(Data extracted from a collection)
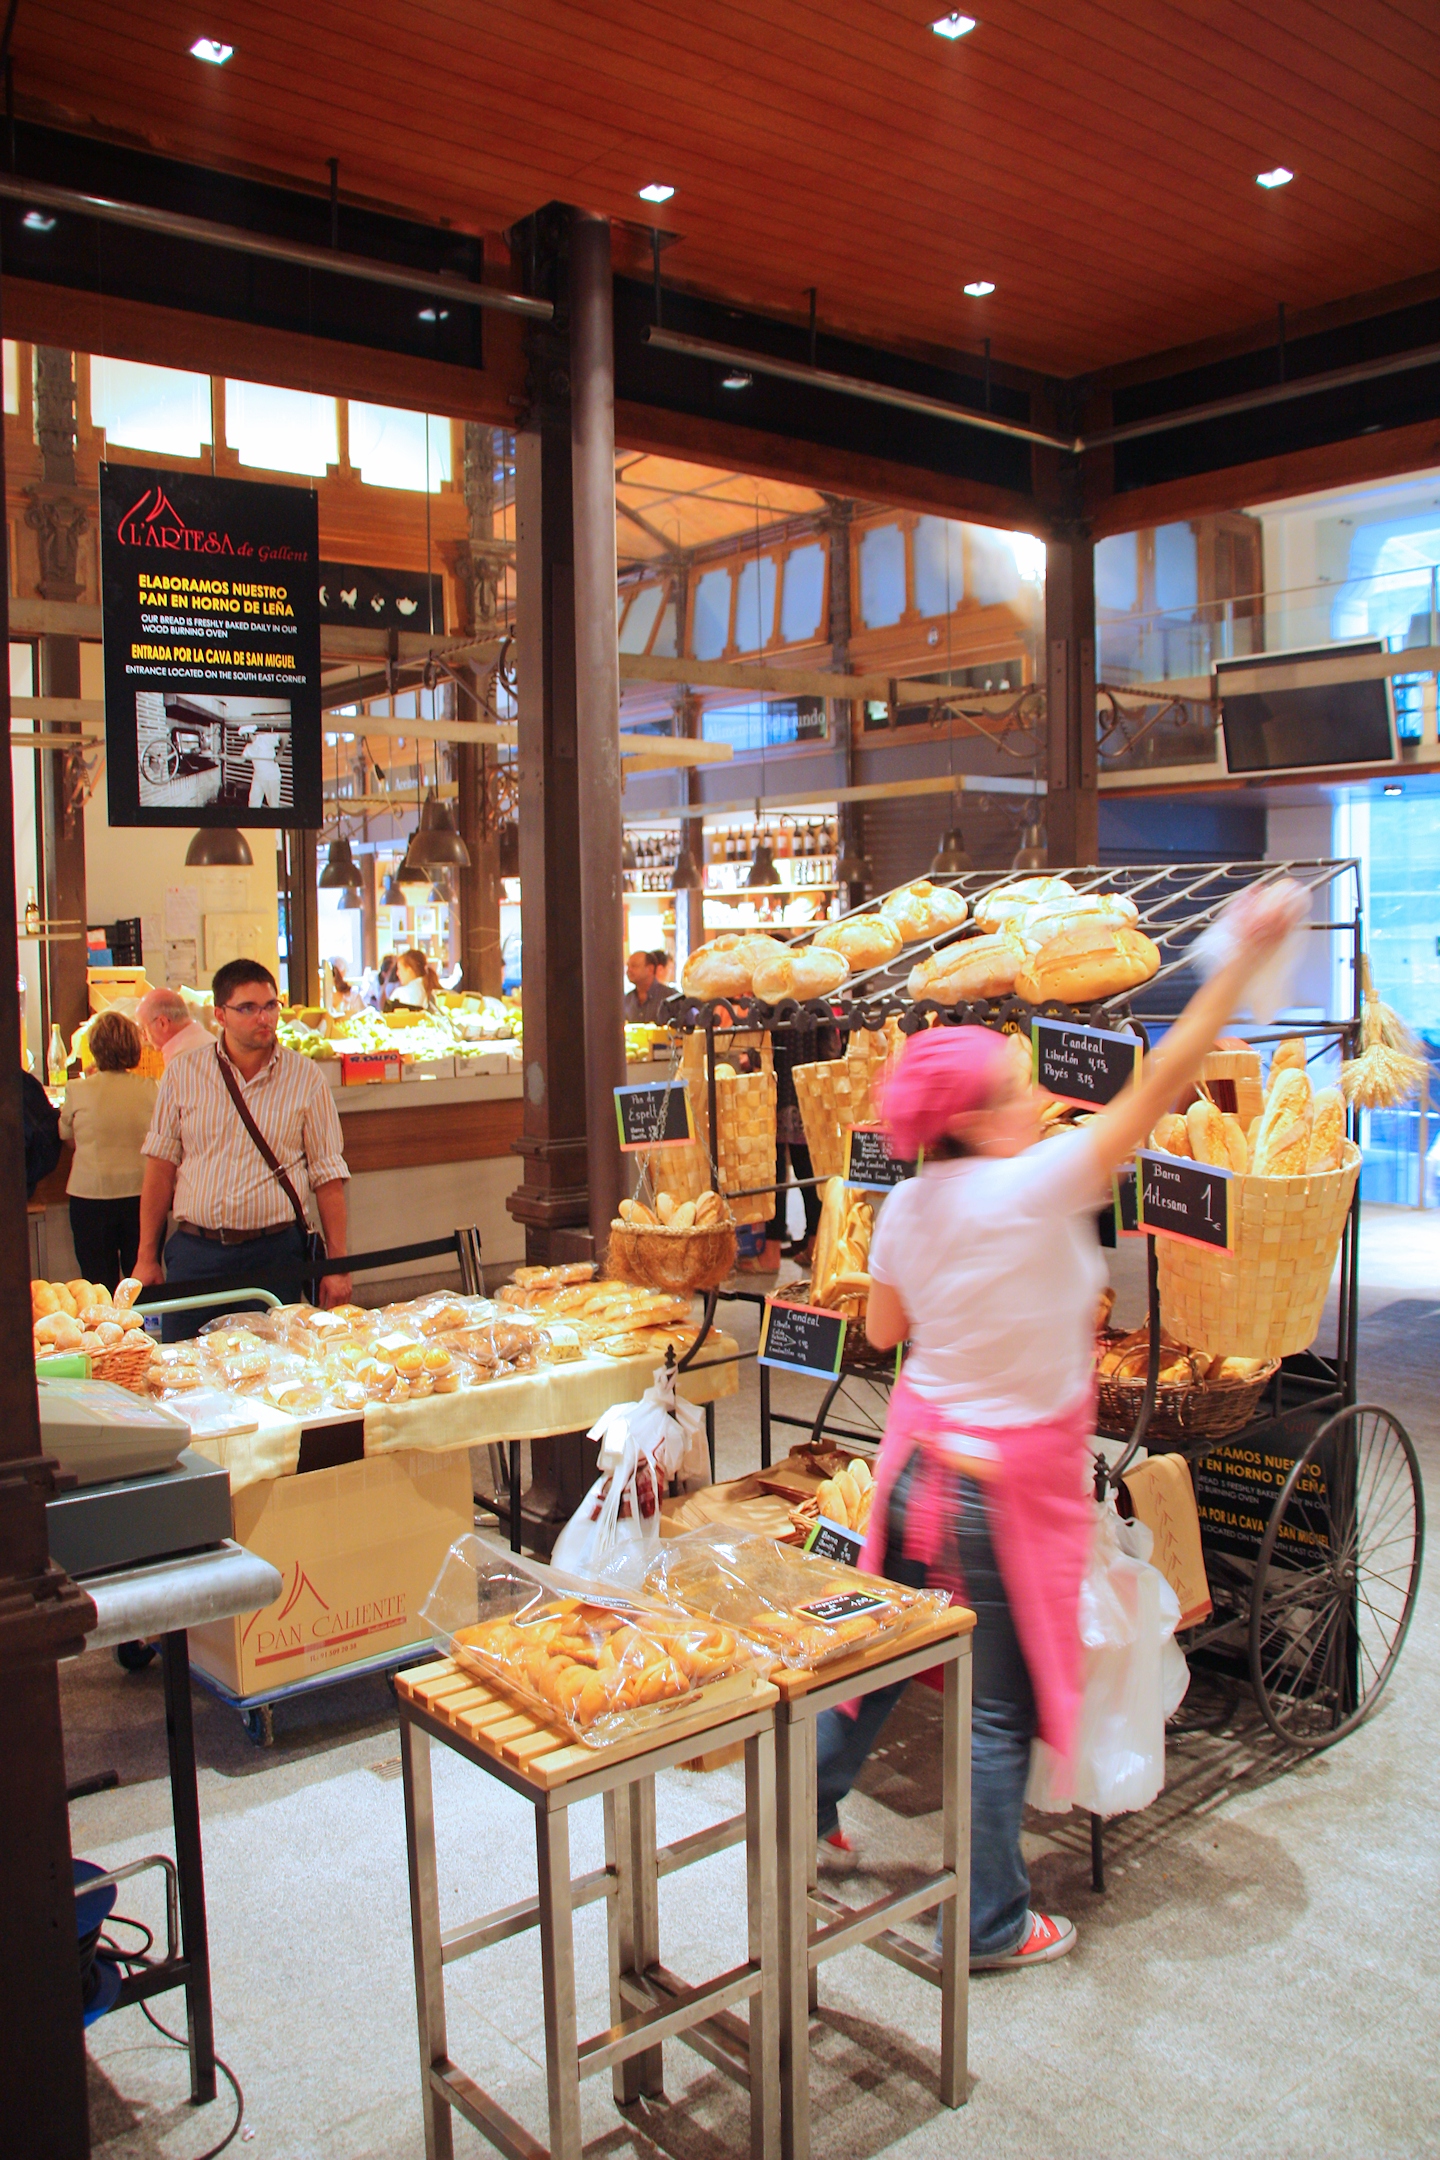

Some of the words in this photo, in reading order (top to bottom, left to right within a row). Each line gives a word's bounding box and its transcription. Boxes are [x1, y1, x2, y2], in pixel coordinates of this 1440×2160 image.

[129, 521, 236, 556] L'ARTESA
[237, 542, 254, 557] de
[257, 545, 309, 563] Gallent
[138, 573, 229, 595] ELABORAMOS
[232, 582, 288, 601] NUESTRO
[139, 591, 168, 607] PAN
[171, 594, 189, 609] EN
[191, 596, 241, 613] HORNO
[243, 600, 260, 615] DE
[262, 599, 295, 617] LEÑA
[140, 613, 159, 624] OUR
[160, 615, 186, 626] BREAD
[186, 617, 193, 626] IS
[194, 618, 224, 629] FRESHLY
[225, 620, 249, 631] BAKED
[250, 622, 272, 632] DAILY
[272, 624, 281, 633] IN
[281, 625, 298, 634] OUR
[141, 623, 169, 634] WOOD
[170, 626, 205, 637] BURNING
[205, 628, 229, 639] OVEN
[131, 643, 172, 661] ENTRADA
[173, 646, 192, 662] POR
[193, 648, 205, 663] LA
[205, 648, 232, 665] CAVA
[233, 651, 245, 666] DE
[246, 651, 264, 667] SAN
[264, 653, 296, 669] MIGUEL
[125, 664, 167, 676] ENTRANCE
[168, 667, 204, 679] LOCATED
[204, 669, 218, 679] ON
[219, 670, 232, 681] THE
[232, 671, 257, 682] SOUTH
[257, 673, 275, 683] EAST
[275, 674, 307, 685] CORNER
[1061, 1032, 1105, 1055] Candeal
[1044, 1048, 1079, 1065] Libretón
[1044, 1063, 1069, 1081] Payés
[631, 1094, 644, 1105] Pan
[628, 1104, 660, 1125] Espelt
[1152, 1163, 1182, 1183] Barra
[1142, 1182, 1189, 1215] Artesana
[787, 1310, 819, 1327] Candeal
[1206, 1459, 1223, 1473] EN
[1225, 1462, 1273, 1484] HORNO
[1264, 1455, 1323, 1478] NUESO
[1205, 1484, 1237, 1500] BURNING
[1237, 1494, 1260, 1505] OVEN
[1226, 1480, 1256, 1495] FRESHLY
[1202, 1523, 1236, 1538] LOCATED
[1236, 1531, 1250, 1541] ON
[1208, 1507, 1227, 1524] POR
[1227, 1512, 1238, 1527] LA
[1239, 1515, 1265, 1533] CAVA
[1277, 1525, 1297, 1541] SAN
[257, 1622, 303, 1654] PAN
[311, 1593, 407, 1638] CALIENTE
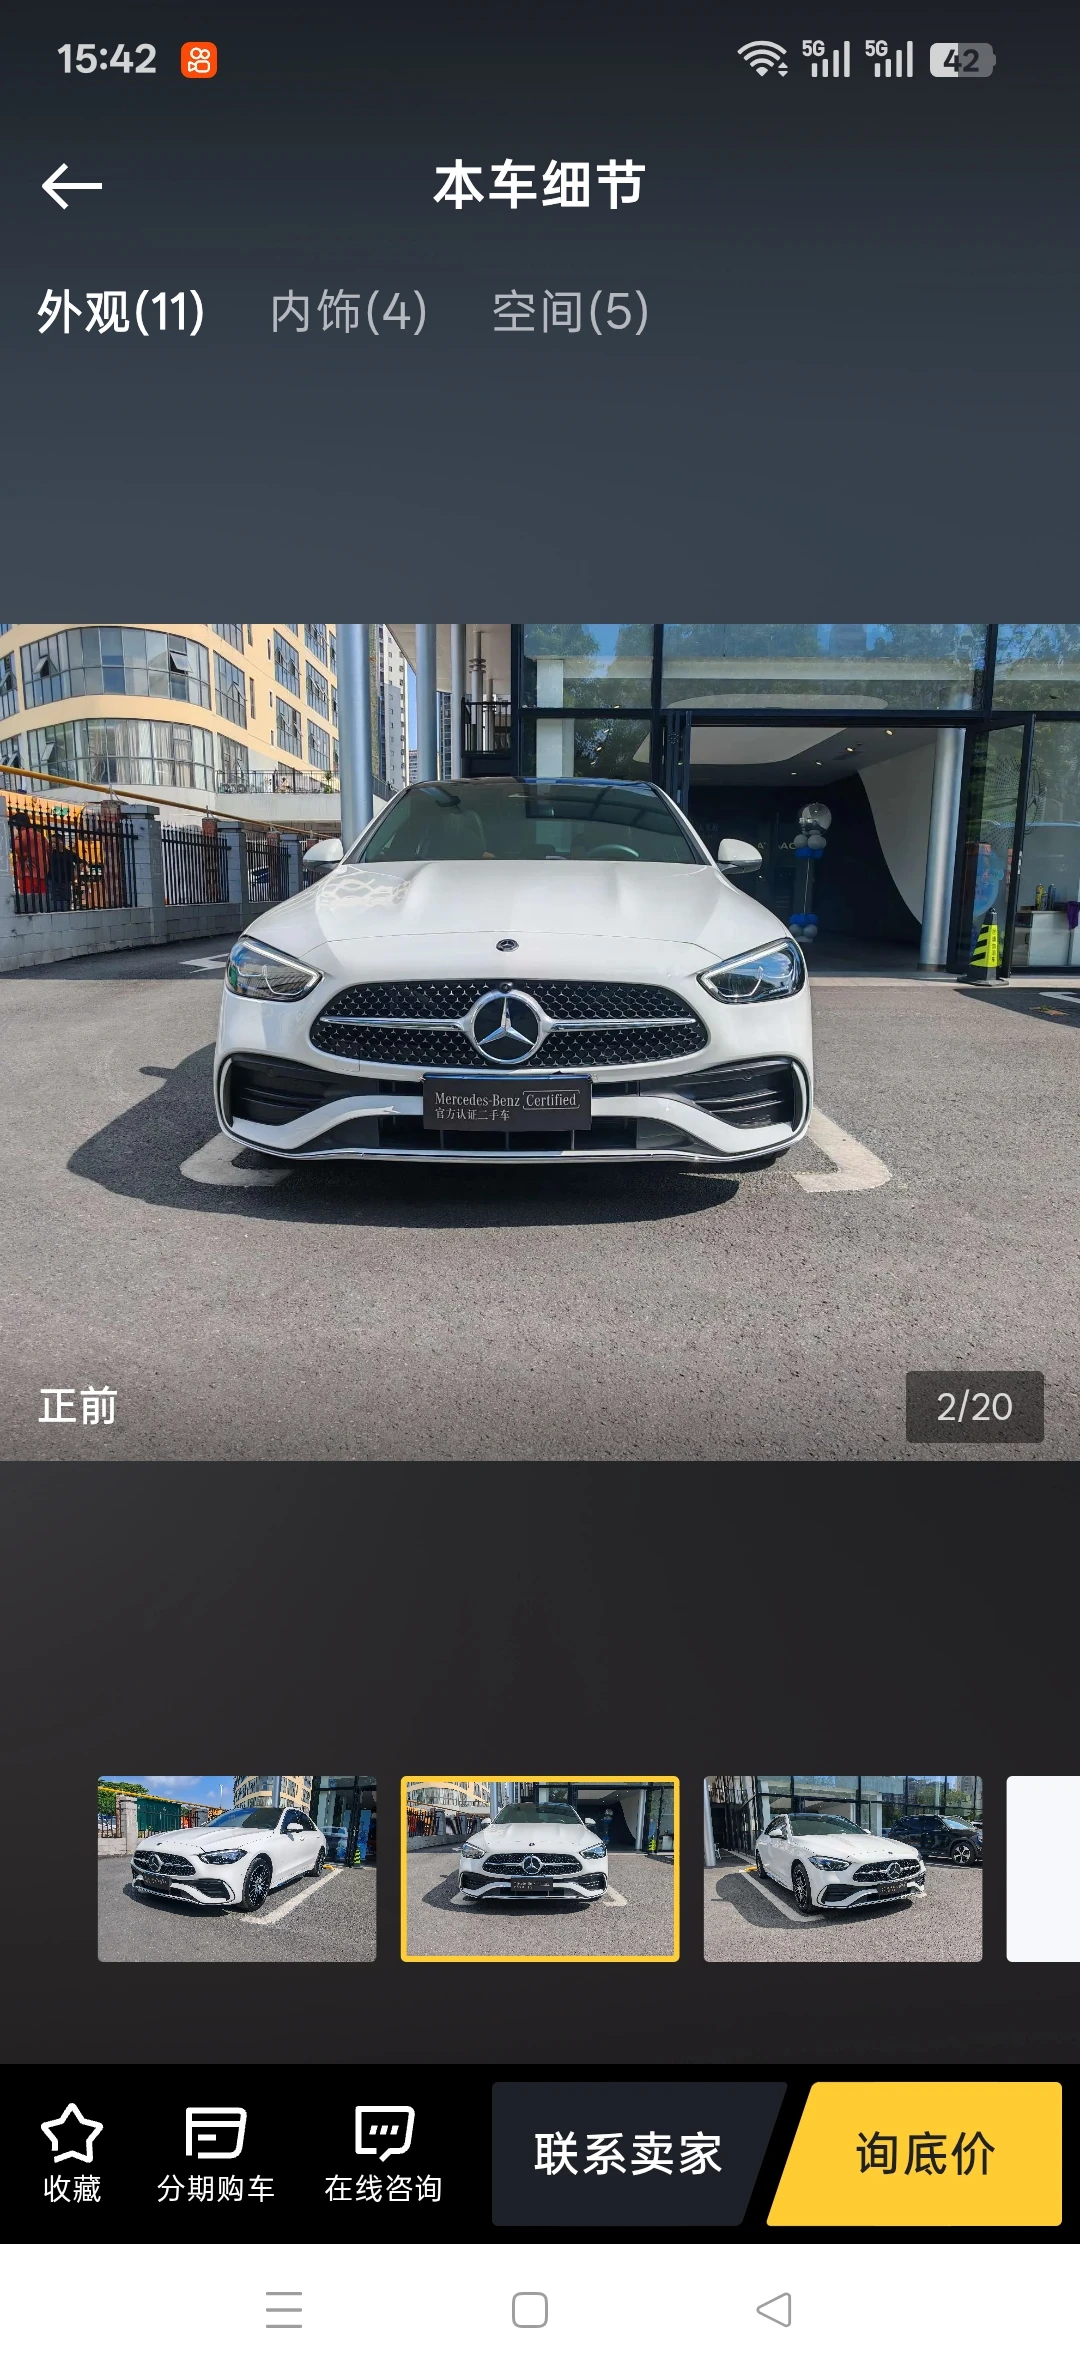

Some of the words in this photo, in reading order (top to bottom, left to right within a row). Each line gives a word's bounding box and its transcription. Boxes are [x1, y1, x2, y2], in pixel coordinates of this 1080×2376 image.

[57, 43, 157, 73] 15:42
[801, 39, 825, 57] 5G
[864, 39, 888, 57] 5G
[943, 49, 980, 72] 42
[432, 158, 646, 210] 本车细节
[36, 288, 204, 337] 外观(11)
[270, 288, 427, 336] 内饰(4)
[492, 288, 649, 336] 空间(5)
[434, 1092, 520, 1107] Mercedes-Benz
[526, 1093, 577, 1107] Certified
[434, 1107, 510, 1121] 官方认证二手车
[533, 2130, 723, 2177] 联系卖家
[855, 2130, 996, 2176] 询底价
[43, 2174, 102, 2204] 收藏
[156, 2174, 276, 2204] 分期购车
[324, 2174, 443, 2204] 在线咨询
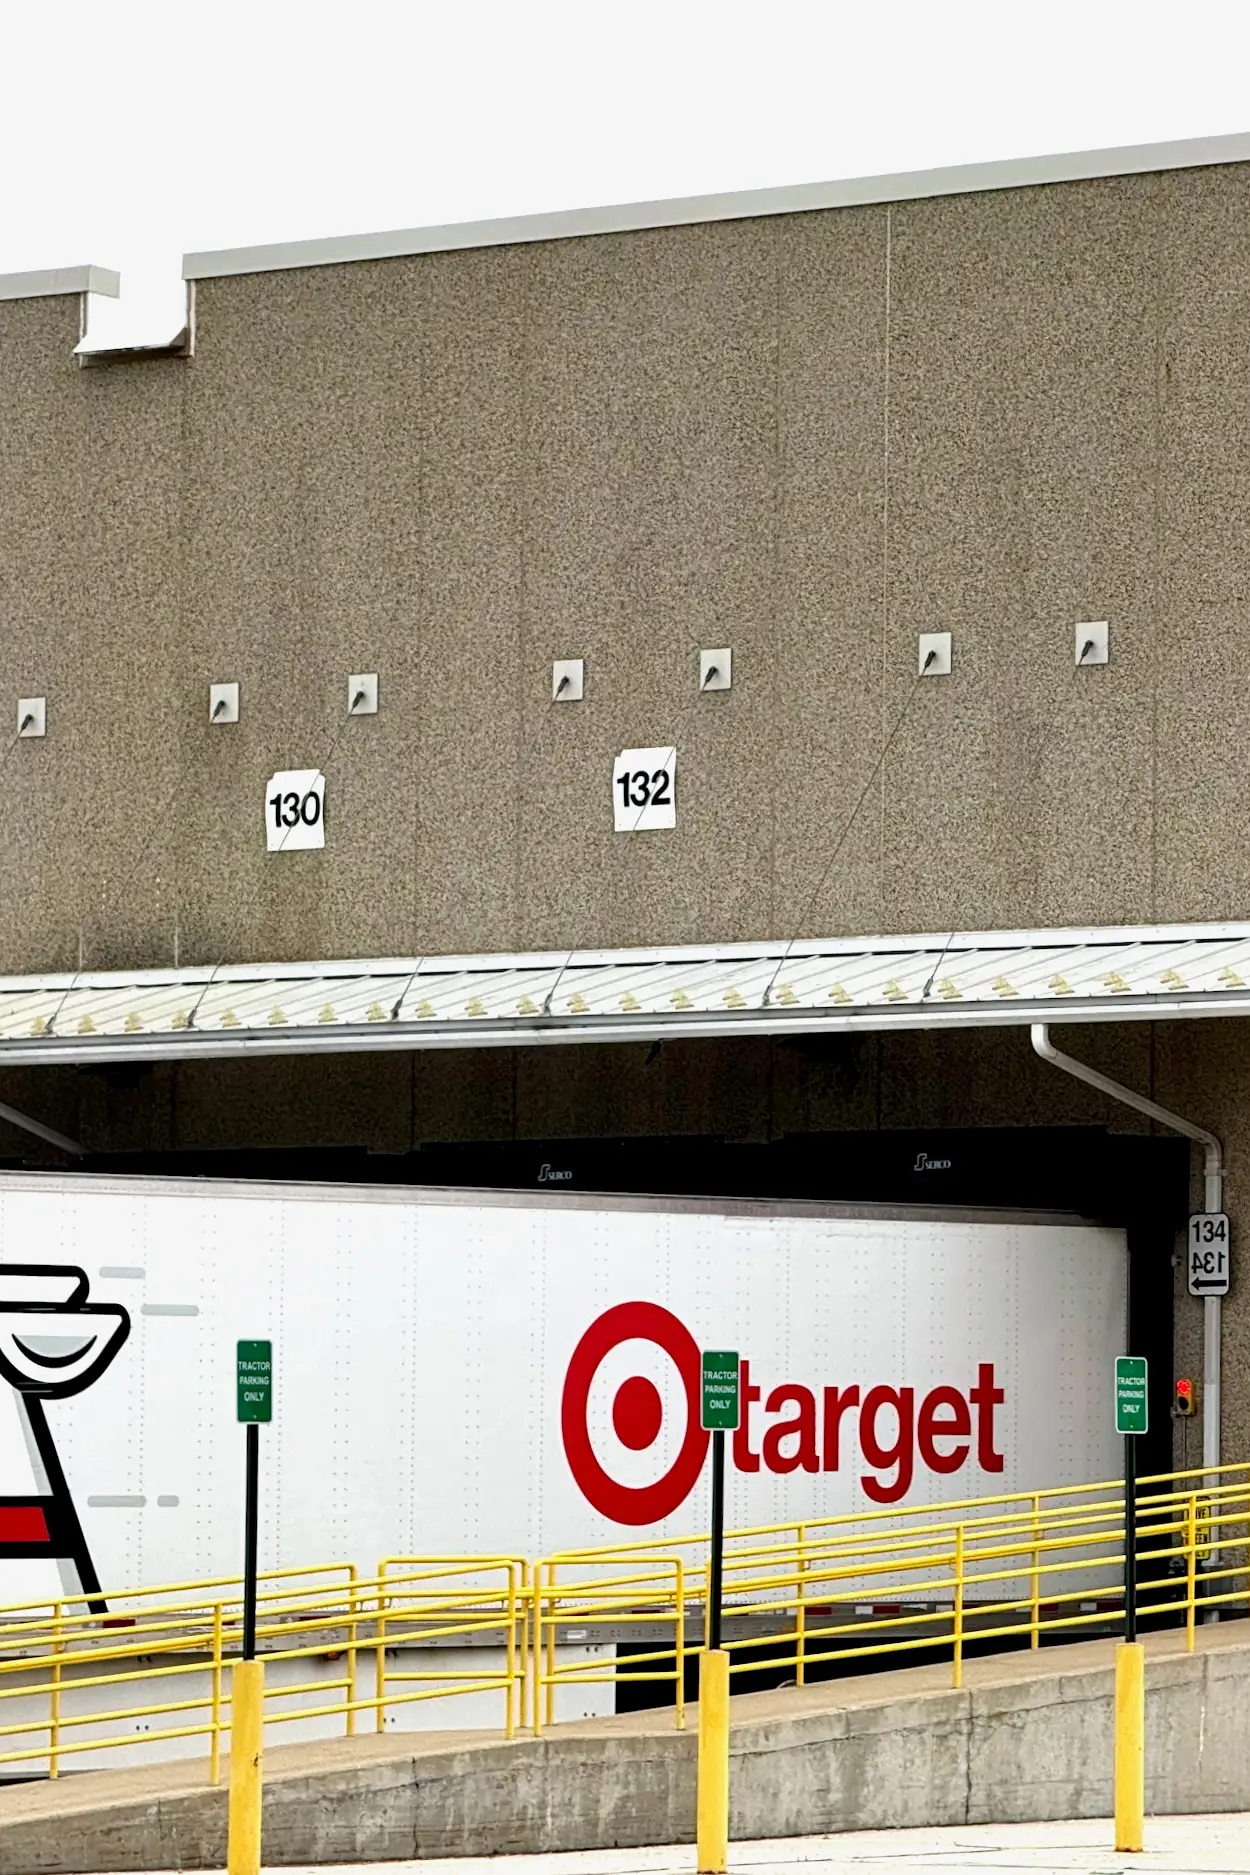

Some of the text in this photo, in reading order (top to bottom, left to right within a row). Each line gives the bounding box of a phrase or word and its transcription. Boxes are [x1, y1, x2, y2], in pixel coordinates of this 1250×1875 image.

[617, 770, 670, 807] 132
[270, 791, 320, 827] 130
[1192, 1220, 1226, 1242] 134
[238, 1361, 270, 1370] TRACTOR
[704, 1371, 738, 1380] TRACTOR
[239, 1376, 269, 1385] PARKING
[1118, 1376, 1145, 1385] TRACTOR
[704, 1385, 736, 1394] PARKING
[1118, 1390, 1144, 1398] PARKING
[244, 1392, 264, 1402] ONLY
[709, 1400, 731, 1409] ONLY
[1122, 1404, 1140, 1413] ONLY
[732, 1360, 1004, 1504] target

_Problem requirements_: Return all of the records above exactly as written. Omit each picture.

_Expected answer_:
Some of the words in this photo, in reading order (top to bottom, left to right within a row). Each line gives a word's bounding box and its transcription. Boxes are [x1, y1, x2, y2], in pixel coordinates of this 1440×2160 image.

[129, 521, 236, 556] L'ARTESA
[237, 542, 254, 557] de
[257, 545, 309, 563] Gallent
[138, 573, 229, 595] ELABORAMOS
[232, 582, 288, 601] NUESTRO
[139, 591, 168, 607] PAN
[171, 594, 189, 609] EN
[191, 596, 241, 613] HORNO
[243, 600, 260, 615] DE
[262, 599, 295, 617] LEÑA
[140, 613, 159, 624] OUR
[160, 615, 186, 626] BREAD
[186, 617, 193, 626] IS
[194, 618, 224, 629] FRESHLY
[225, 620, 249, 631] BAKED
[250, 622, 272, 632] DAILY
[272, 624, 281, 633] IN
[281, 625, 298, 634] OUR
[141, 623, 169, 634] WOOD
[170, 626, 205, 637] BURNING
[205, 628, 229, 639] OVEN
[131, 643, 172, 661] ENTRADA
[173, 646, 192, 662] POR
[193, 648, 205, 663] LA
[205, 648, 232, 665] CAVA
[233, 651, 245, 666] DE
[246, 651, 264, 667] SAN
[264, 653, 296, 669] MIGUEL
[125, 664, 167, 676] ENTRANCE
[168, 667, 204, 679] LOCATED
[204, 669, 218, 679] ON
[219, 670, 232, 681] THE
[232, 671, 257, 682] SOUTH
[257, 673, 275, 683] EAST
[275, 674, 307, 685] CORNER
[1061, 1032, 1105, 1055] Candeal
[1044, 1048, 1079, 1065] Libretón
[1044, 1063, 1069, 1081] Payés
[631, 1094, 644, 1105] Pan
[628, 1104, 660, 1125] Espelt
[1152, 1163, 1182, 1183] Barra
[1142, 1182, 1189, 1215] Artesana
[787, 1310, 819, 1327] Candeal
[1206, 1459, 1223, 1473] EN
[1225, 1462, 1273, 1484] HORNO
[1264, 1455, 1323, 1478] NUESO
[1205, 1484, 1237, 1500] BURNING
[1237, 1494, 1260, 1505] OVEN
[1226, 1480, 1256, 1495] FRESHLY
[1202, 1523, 1236, 1538] LOCATED
[1236, 1531, 1250, 1541] ON
[1208, 1507, 1227, 1524] POR
[1227, 1512, 1238, 1527] LA
[1239, 1515, 1265, 1533] CAVA
[1277, 1525, 1297, 1541] SAN
[257, 1622, 303, 1654] PAN
[311, 1593, 407, 1638] CALIENTE

Some of the words in this photo, in reading order (top to bottom, left to right within a row). Each line gives a word's bounding box and its transcription. Boxes are [x1, y1, x2, y2], in pixel coordinates of this 1080×2376 image.

[57, 43, 157, 73] 15:42
[801, 39, 825, 57] 5G
[864, 39, 888, 57] 5G
[943, 49, 980, 72] 42
[432, 158, 646, 210] 本车细节
[36, 288, 204, 337] 外观(11)
[270, 288, 427, 336] 内饰(4)
[492, 288, 649, 336] 空间(5)
[434, 1092, 520, 1107] Mercedes-Benz
[526, 1093, 577, 1107] Certified
[434, 1107, 510, 1121] 官方认证二手车
[533, 2130, 723, 2177] 联系卖家
[855, 2130, 996, 2176] 询底价
[43, 2174, 102, 2204] 收藏
[156, 2174, 276, 2204] 分期购车
[324, 2174, 443, 2204] 在线咨询

Some of the text in this photo, in reading order (top to bottom, left to right within a row). Each line gives the bounding box of a phrase or word and its transcription. Boxes are [x1, y1, x2, y2], in pixel coordinates of this 1250×1875 image.

[617, 770, 670, 807] 132
[270, 791, 320, 827] 130
[1192, 1220, 1226, 1242] 134
[238, 1361, 270, 1370] TRACTOR
[704, 1371, 738, 1380] TRACTOR
[239, 1376, 269, 1385] PARKING
[1118, 1376, 1145, 1385] TRACTOR
[704, 1385, 736, 1394] PARKING
[1118, 1390, 1144, 1398] PARKING
[244, 1392, 264, 1402] ONLY
[709, 1400, 731, 1409] ONLY
[1122, 1404, 1140, 1413] ONLY
[732, 1360, 1004, 1504] target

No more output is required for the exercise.